A hospital in northeast Wisconsin is considering pausing elective procedures as health officials grapple with rising coronavirus cases and a double-digit positivity rate.
Dr. Paul Casey, who heads the emergency department for Bellin Health Systems in Green Bay, Wisconsin, told CNBC’s Shepard Smith on Thursday that hospital beds have been at or near capacity over the past week and that it’s weighing on both staff and operations.
“We are on the verge of a crisis in Green Bay and our surrounding counties,” Casey said in an appearance on “The News with Shepard Smith.”
The Midwest state set a fresh one-day record of 3,132 new Covid-19 cases, topping the previous record that came just days prior, according to the Wisconsin Department of Health Services. With the exception of the northwest region, the entire state has seen Covid-19 hospitalizations surge double digits between late September and early October.
More than 80% of Wisconsin’s hospital and intensive care unit capacities are in use, according to the state’s health department website. Casey is expecting an “overload” in admissions in coming weeks.
Further weighing on the care being provided to patients is the fact that as many as 200 medical workers are out sick, he added, battling their own bouts with the virus that has now infected nearly 7.6 million and led to more than 212,000 deaths in the U.S., according to data compiled by Johns Hopkins University.

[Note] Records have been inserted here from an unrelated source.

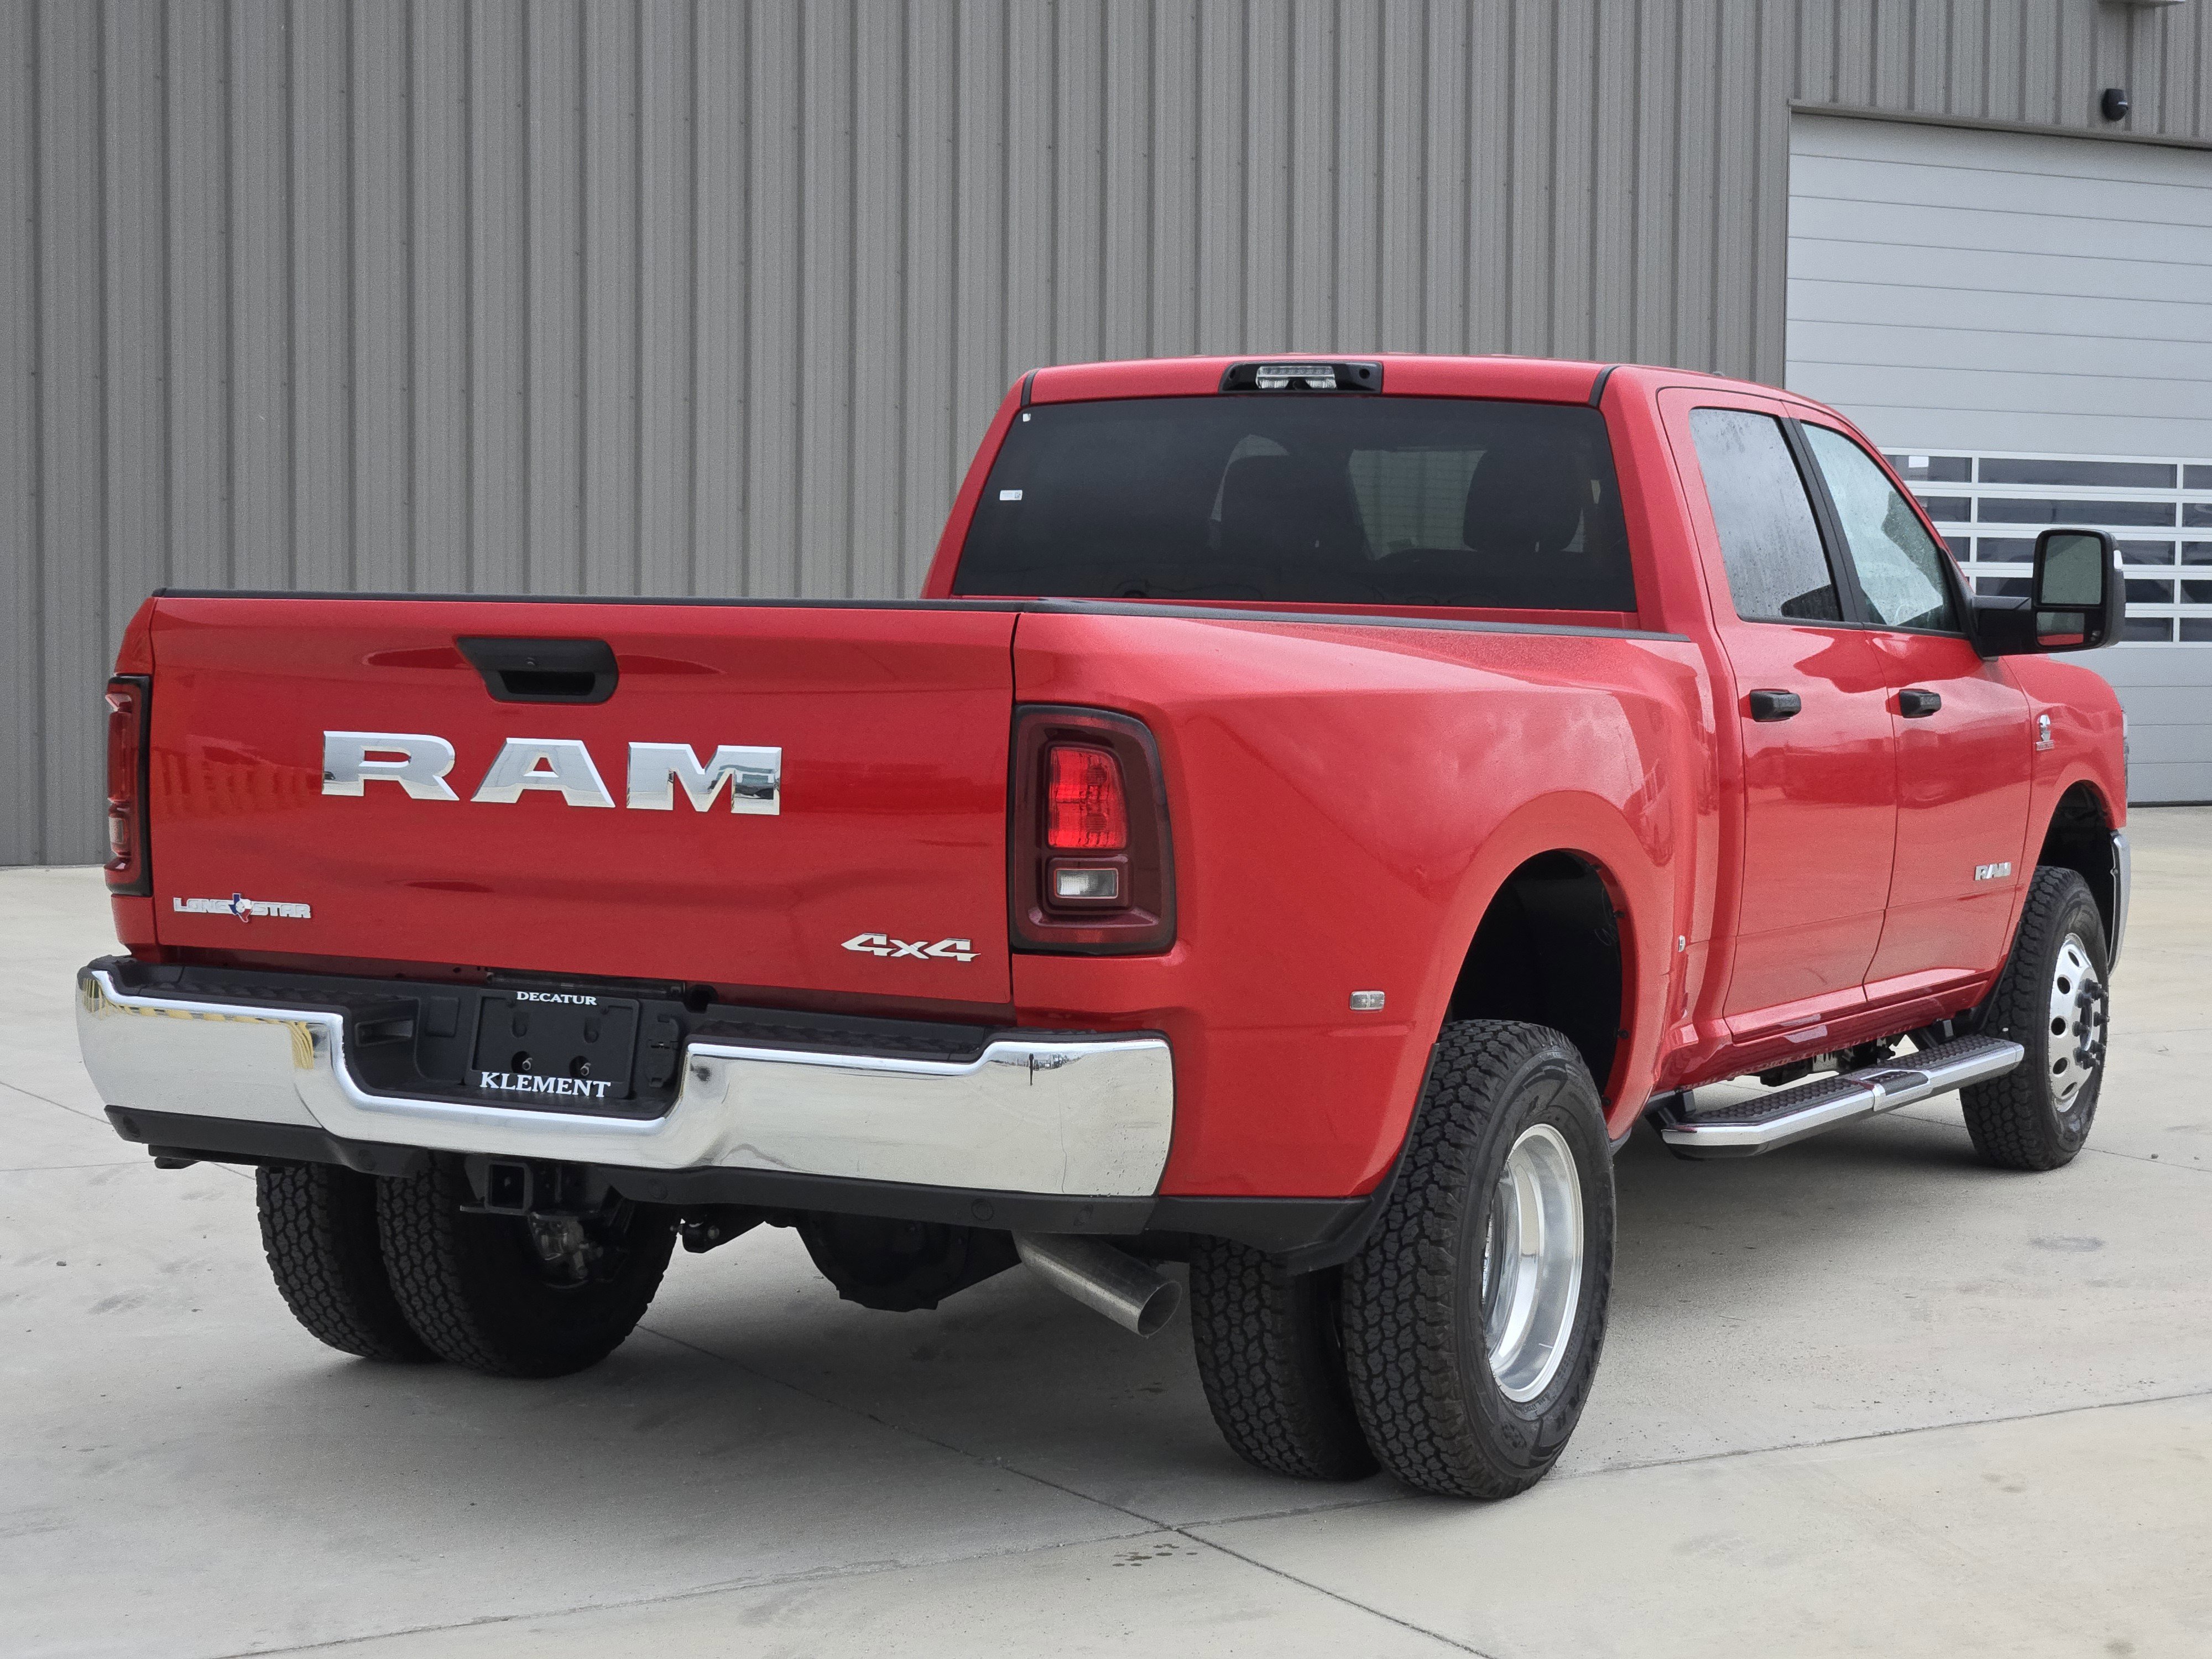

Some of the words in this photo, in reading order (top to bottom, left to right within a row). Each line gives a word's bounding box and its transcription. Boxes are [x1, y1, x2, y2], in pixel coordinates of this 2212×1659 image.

[322, 731, 781, 815] RAM
[1975, 862, 2011, 881] RAM
[173, 898, 231, 915] LONE
[251, 901, 311, 919] STAR
[517, 991, 597, 1005] DECATUR
[479, 1072, 611, 1098] KLEMENT
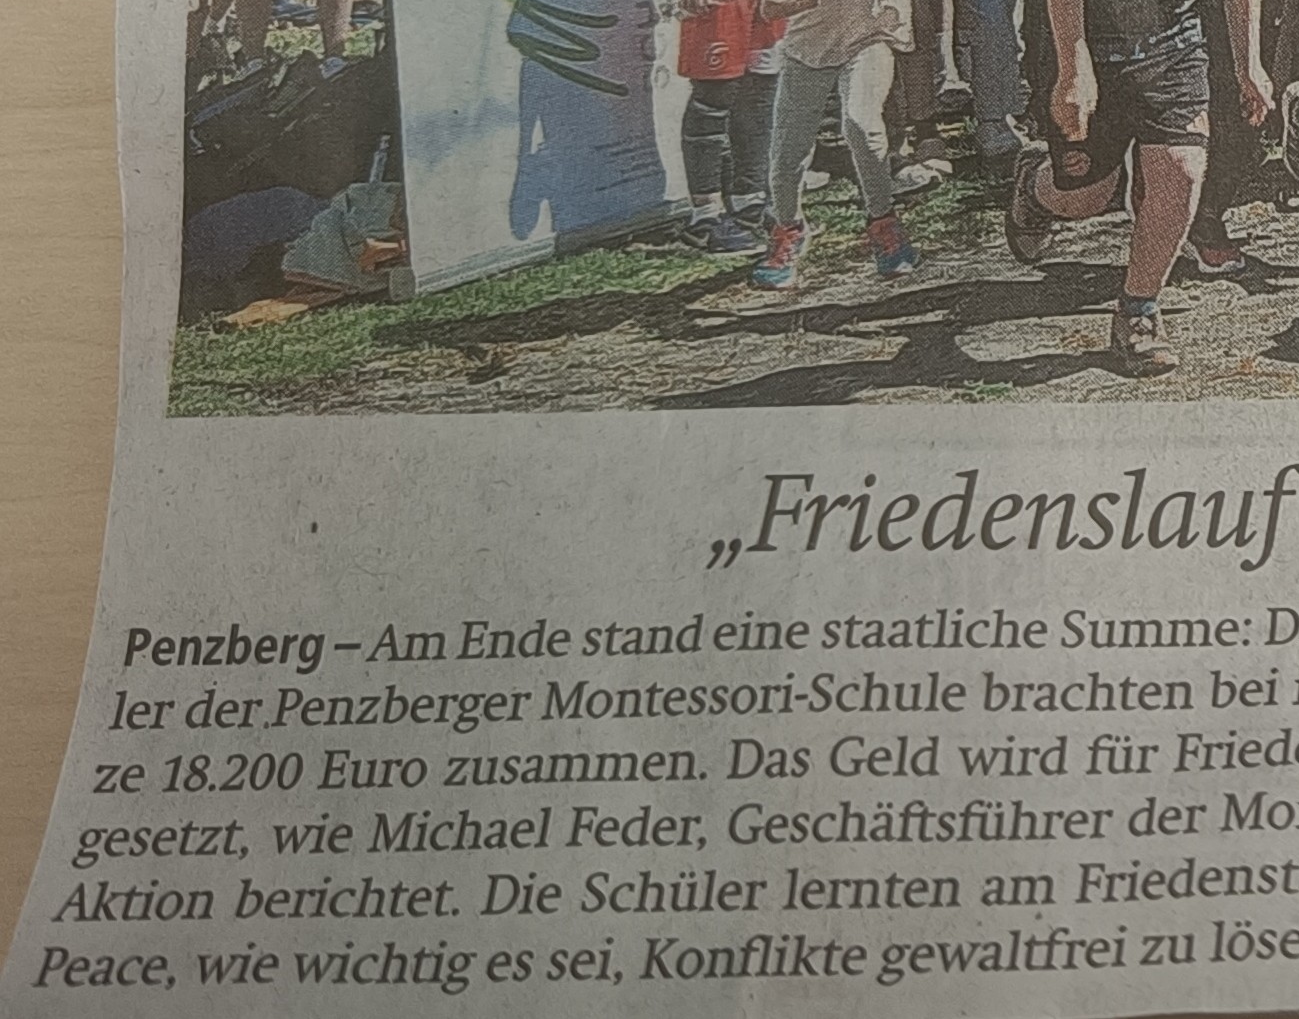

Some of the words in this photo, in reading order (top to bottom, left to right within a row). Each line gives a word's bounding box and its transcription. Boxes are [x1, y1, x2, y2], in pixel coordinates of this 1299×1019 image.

[124, 623, 325, 675] Penzberg
[365, 624, 448, 663] Am
[456, 619, 571, 660] Ende
[582, 614, 703, 656] stand
[713, 611, 809, 651] eine
[822, 609, 1047, 649] staatliche
[1061, 610, 1252, 648] Summe:
[109, 691, 175, 730] ler
[185, 689, 263, 729] der
[271, 685, 531, 734] Penzberger
[541, 672, 966, 720] Montessori-Schule
[983, 672, 1193, 711] brachten
[1210, 668, 1277, 708] bei
[93, 765, 145, 793] ze
[162, 752, 303, 792] 18.200
[317, 750, 427, 789] Euro
[443, 751, 708, 786] zusammen.
[727, 739, 810, 779] Das
[830, 736, 939, 777] Geld
[959, 736, 1067, 776] wird
[1086, 734, 1159, 775] für
[72, 820, 248, 869] gesetzt,
[273, 813, 353, 854] wie
[367, 807, 551, 853] Michael
[566, 806, 706, 850] Feder,
[728, 800, 1113, 845] Geschäftsführer
[1128, 797, 1207, 837] der
[52, 880, 213, 922] Aktion
[235, 876, 460, 919] berichtet.
[481, 872, 561, 915] Die
[581, 870, 767, 913] Schüler
[783, 868, 960, 910] lernten
[981, 875, 1055, 906] am
[33, 947, 175, 990] Peace,
[198, 942, 279, 984] wie
[295, 941, 477, 995] wichtig
[486, 950, 534, 982] es
[546, 937, 622, 985] sei,
[639, 934, 866, 979] Konflikte
[876, 925, 1125, 986] gewaltfrei
[1140, 934, 1195, 965] zu

“We see a frighteningly rising trend of Covid positivity rate above 20% in our community,” Casey said.
Bellin Hospital, which specializes in heart and vascular service among others, could be forced to reduce what procedures it can provide to patients to retain resources to fight the ongoing health crisis. The health institution shut down elective surgeries in the spring.
“If the rise continues and isn’t abated, we’re going to have to cancel elective surgeries again. We have not done that yet, but it’s close,” Casey said.
The rise in cases can be attributed to “Covid fatigue,” people who refuse to wear masks and small gatherings, he said. Individuals are looking to return their lives to some sense of normalcy, but states across the country dealt with spikes in cases as they reopened their economies after state governments enforced strict lockdowns earlier this year to slow the spread of the novel coronavirus.
The timing of the spike in Wisconsin, a critical battleground state in the presidential election, comes as the public counts down the days to both Election Day in November and the holiday season.